If you’ve been watching the news lately, chances are your head is spinning, because there is a LOT going on.
But in all the tumult, you probably heard the words “Equifax” and “hack” for roughly .2 seconds before the press was forced to move on to something else. We’re going to talk a bit about what Equifax is, what the hack means, and if any of it has any effect on note buyers.
What is Equifax?
You’re probably aware that there are three major credit reporting bureaus, though gun to your head, most people probably couldn’t name them.
Equifax is one, and the information they store in order to determine your credit score is substantial. We’re talking everything from names and addresses to social security and drivers license numbers. Essentially, it’s all the information anyone would ever need to steal your identity.
And it affects nearly half the country, which means, yes, probably your data.
About two months prior to the hack, Equifax became aware of a security vulnerability in one of its programs, Apache Struts.
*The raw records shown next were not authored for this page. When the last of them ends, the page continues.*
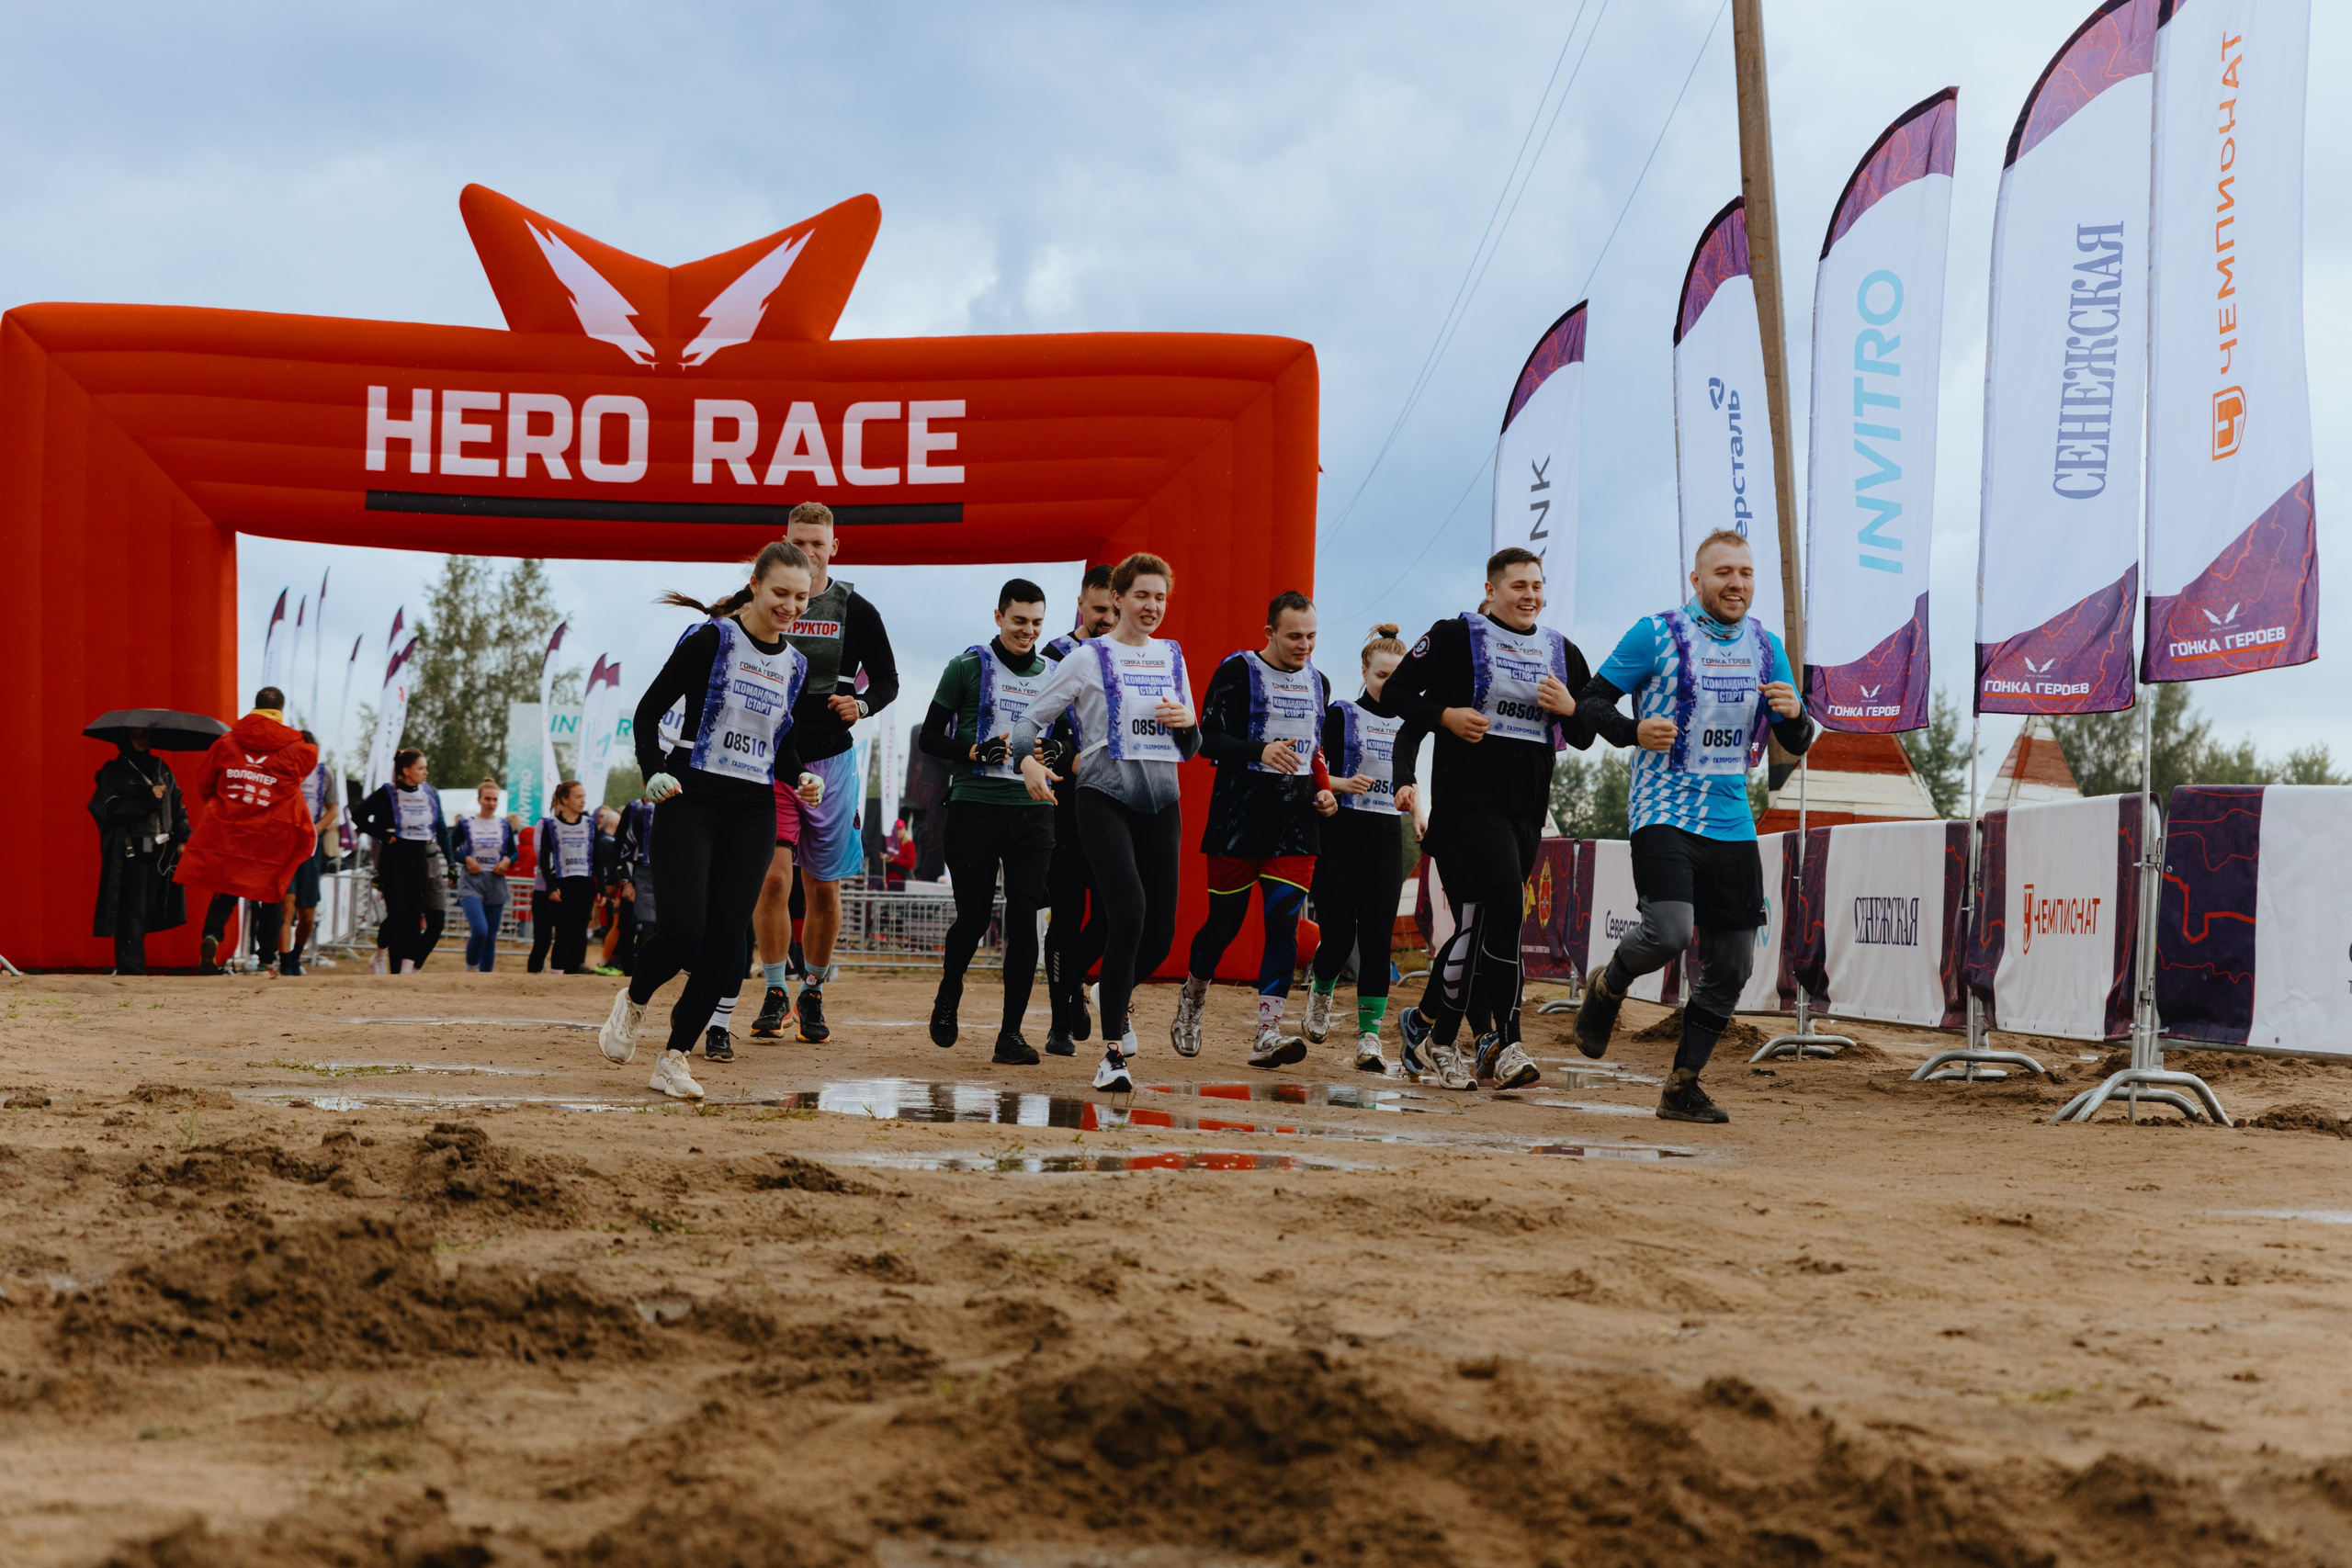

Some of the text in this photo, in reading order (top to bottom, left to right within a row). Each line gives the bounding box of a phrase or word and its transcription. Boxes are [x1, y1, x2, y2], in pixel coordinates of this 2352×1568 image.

[2216, 31, 2243, 375] ЧЕМПИОНАТ
[2052, 220, 2124, 501] СЕНЕЖСКАЯ
[1853, 269, 1905, 574] INVITRO
[366, 385, 966, 486] HERO RACE
[1727, 389, 1753, 539] ерсталь
[2169, 626, 2286, 657] ГОНКА ГЕРОЕВ
[740, 661, 784, 682] ГОНКА ГЕРОЕВ
[1498, 658, 1547, 673] КОМАНДНЫЙ
[1124, 674, 1171, 687] КОМАНДНЫЙ
[1512, 671, 1536, 682] СТАРТ
[1702, 677, 1756, 691] КОМАНДНЫЙ
[734, 681, 784, 706] КОМАНДНЫЙ
[1001, 684, 1022, 693] ГОНКА
[1139, 686, 1161, 695] СТАРТ
[1984, 680, 2089, 695] ГОНКА ГЕРОЕВ
[1272, 697, 1313, 711] КОМАНДНЫЙ
[1719, 691, 1743, 702] СТАРТ
[746, 698, 771, 715] СТАРТ
[1001, 700, 1026, 713] КОМАН
[1285, 709, 1304, 718] СТАРТ
[1497, 700, 1544, 721] 08503
[1827, 705, 1901, 716] ГОНКА ГЕРОЕВ
[1507, 725, 1541, 736] ГАЗПРОМБАНК
[1702, 728, 1745, 747] 0850
[723, 730, 767, 758] 08510
[1367, 740, 1394, 751] КОМАН
[1379, 750, 1393, 760] СТА
[226, 768, 277, 785] ВОЛОНТЕР
[2034, 897, 2100, 935] ЧЕМПИОНАТ
[1605, 909, 1640, 940] Север
Now, this program is fairly common among large businesses, and a patch had been issued for the vulnerability.
Equifax just opted not to apply the patch.
They noticed the data breach on July 29th, but waited an additional day before shutting the application down.
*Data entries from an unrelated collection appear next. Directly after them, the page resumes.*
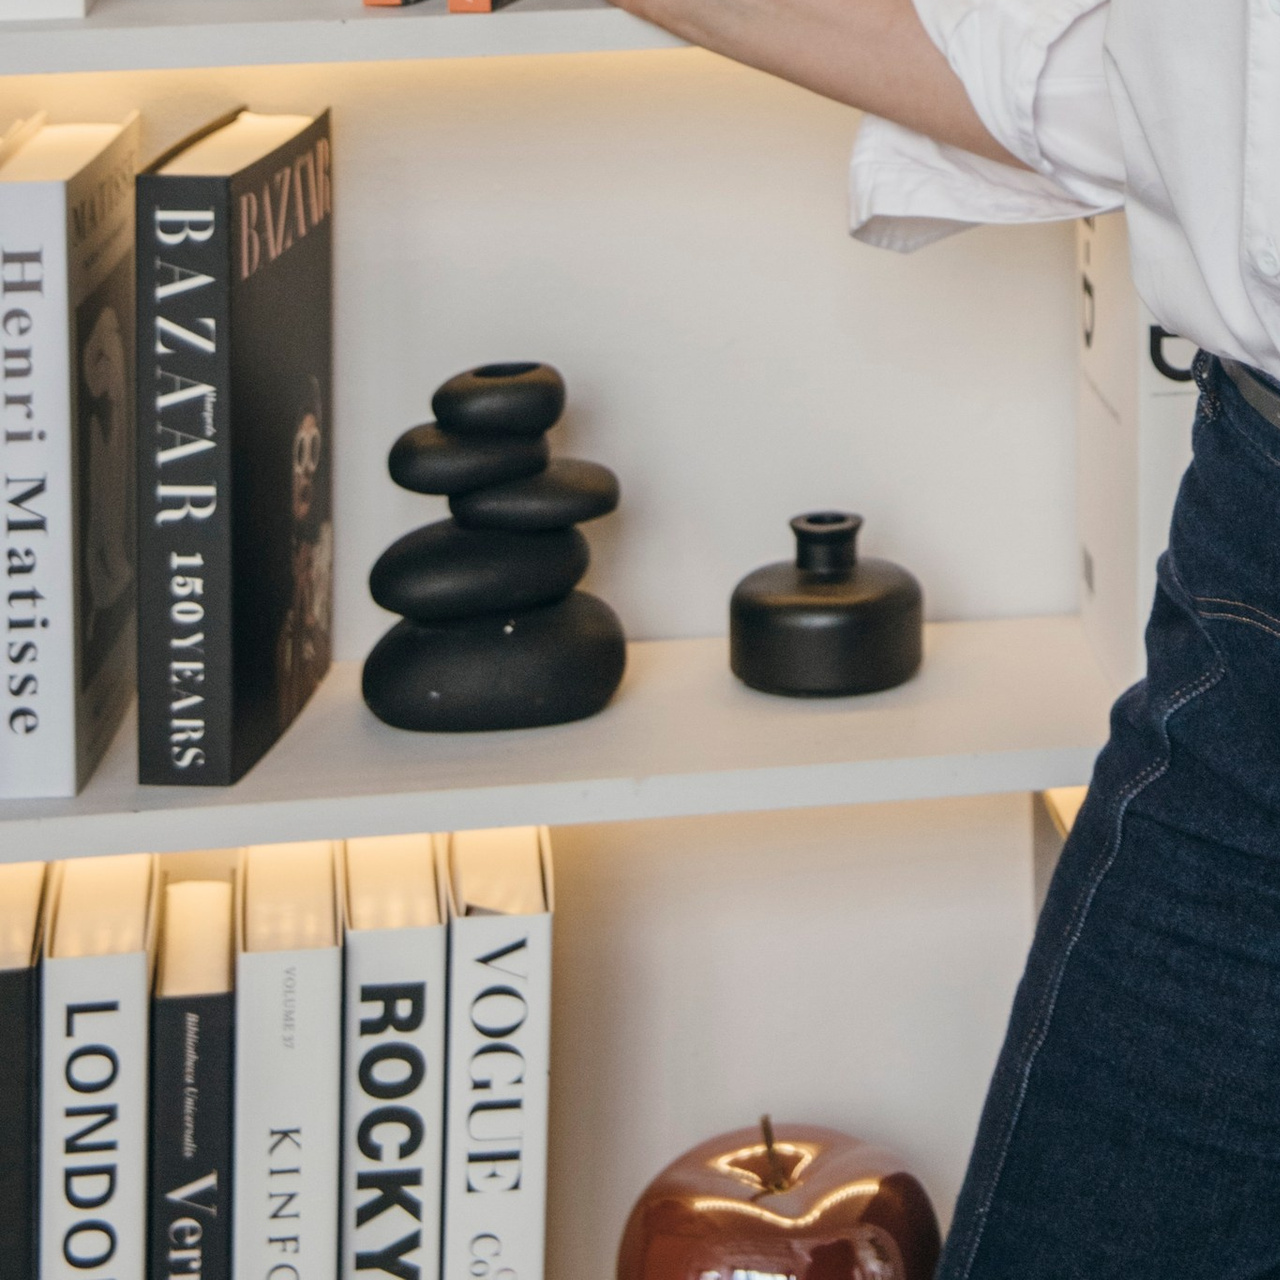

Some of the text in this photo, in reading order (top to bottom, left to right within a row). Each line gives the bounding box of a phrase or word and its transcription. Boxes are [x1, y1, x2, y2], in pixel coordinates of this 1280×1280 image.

[2, 248, 51, 737] Henri Matisse
[154, 206, 218, 526] BAZAAR
[61, 1000, 121, 1280] LONDO
[354, 980, 428, 1280] ROCKY
[466, 934, 530, 1195] VOGUE
All that added up to one of the largest hacks in history, and the information of millions of Americans being stolen.
What are the Implications and What Can be Done?
It’s important, before anyone panics, to understand that most people have had their data stolen, even prior to this hack. It obnoxious, but it’s nothing new.
Now, as to what can be done, you basically have a single option, other than “wait and see”, which is to freeze your credit. By freezing your credit with the major reporting bureaus, you prevent anyone from using your credit to open new cards or lines of credit in your name.
It means you can’t open any lines of credit either, but hey, small price to pay.
What Does this Mean for Note Buyers?
Probably very little, long term. People still need mortgages, and “sell mortgage note” is still being searched in Google. That said, there may be a small surge in people looking for seller-financed mortgages, which could mean a similar surge in owners carrying back paper and looking for selling real estate notes in a few years.
At the moment, the real effects of this are going ot be felt by consumers who are now having to freeze credit and really watch their scores to ensure nothing is out of the ordinary. The Equifax hack cold hang over the heads of consumers for years to come, and that may have an impact on the market. People who are fighting to rebuild stolen credit are unlikely to buy a home.
As with many of the moving parts in this industry, the effects of the hack may be long reaching and unpredictable. But it is a consideration to keep in the back of your mind going forward.